A systematic review of economic analyses of the impact of introducing a single-payer health care financing system in the United States found that cost savings would be significant due to lower drug prices. A separate review of primary care prescription drugs purchased in 10 High-Income countries found that drug expenditures were lower among single-payer financing systems because they led to lower prices and lower-cost treatment options.
Single-payer systems also have beneficial externalities beyond better and more equitable healthcare delivery and cheaper drugs. In February 2022, the Congressional Budget Office (CBO), a non-partisan agency in the legislative branch of the United States government, reported on a study of the economic effects of five single-payer health systems. They found that GDP could fall by between approximately 1.0 and 10 per cent by 2030, but this would be offset by growth in economy-wide productivity. The labour force would grow, resulting in less unemployment. Workers would enjoy higher wages and pay lower insurance premiums and out-of-pocket expenses. Disposable household income would increase, leading to more savings and non-health spending. Workers would choose to work fewer hours, and families would have more time for activities outside their paid work.

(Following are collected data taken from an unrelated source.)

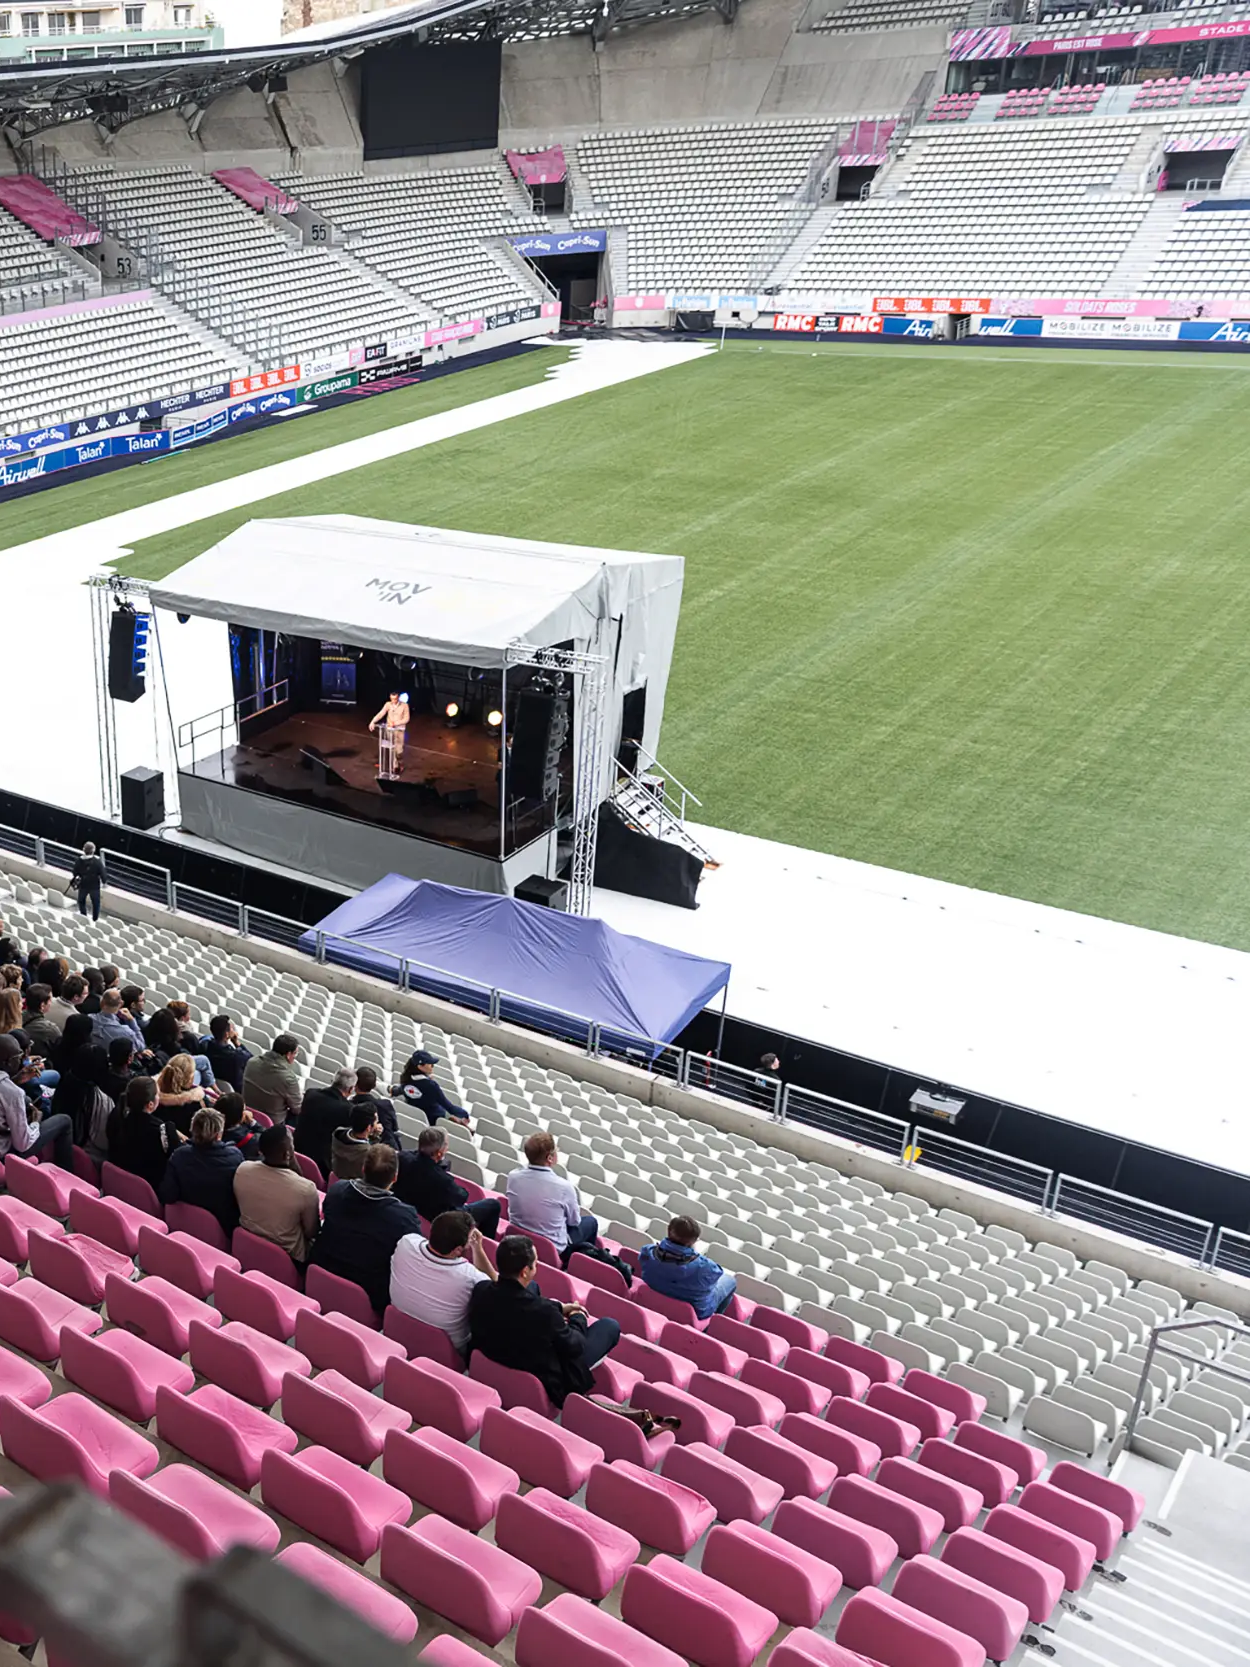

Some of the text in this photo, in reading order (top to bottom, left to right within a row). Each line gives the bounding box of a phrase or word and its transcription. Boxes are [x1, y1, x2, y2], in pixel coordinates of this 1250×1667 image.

[1199, 24, 1245, 37] STADE
[311, 224, 326, 241] 55
[558, 235, 600, 251] Capri-Sun
[117, 257, 132, 277] 53
[775, 314, 813, 331] RMC
[840, 315, 883, 332] RMC
[1050, 321, 1105, 332] MOBILIZE
[1112, 323, 1172, 333] MOBILIZE
[195, 385, 224, 400] HECHTER
[314, 376, 351, 395] Groupama
[160, 394, 190, 409] HECHTER
[28, 428, 65, 449] Capri-Sun
[125, 436, 159, 453] Talan
[75, 446, 102, 463] Talan
[365, 578, 432, 594] MOV

On the other hand, multiple-payer systems make UHC more difficult to achieve. Joseph Kutzin, Coordinator for Health Financing Policy at the World Health Organization, says that voluntary insurance schemes designed for the benefit of members tend to benefit some people at the expense of the rest of the population and the system as a whole. Their interests conflict with UHC objectives to benefit the system as a whole. If we want to make progress towards the goals of equity and universality, we must focus on the whole population and the whole health system from the start.
This information is readily available in the public domain. Michael Settas ignores it. This can only be because he has a vested interest in the delivery of scheme-based healthcare himself. He runs his own health insurance business. He puts this forward in his byline — not as representing a conflict of interest but as adding to his credibility and authority.
As far as we know, no individual or organisation who made submissions on the NHI Bill to the Portfolio Committee on Health was expected to make a declaration of conflicts of interest. This has to change. Civil society has a critical role in remaining watchful and forcing the state and the private sector to eliminate corruption and ensure that the country’s healthcare resources work collaboratively to deliver quality, equitable health care to the whole population.
South Africa can’t afford not to work towards UHC. It’s the right thing to do. The Constitution commits us to “Heal the divisions of the past and establish a society based on democratic values, social justice, and fundamental human rights”. We face enormous obstacles quite apart from our dysfunctional health system. The most obvious is the rampant corruption that has brought us to the brink of being a failed state. Nothing can work while this continues.
Beyond this is a pervasive mindset that favours private wealth above public health. We can and must be bigger than that. We can’t allow vested interests to obstruct progress towards a rights-based UHC. We must harness all the country’s health resources to move towards UHC that meets patients’ needs, free at the point of use, funded by progressive taxation. We need a publicly funded single-payer financing system, strong political will, and energetic action from civil society.
*Reynolds is a retired paediatric respiratory and ICU specialist, and Associate Professor in the Department of Paediatrics & Child Health at UCT. He has no conflict of interest.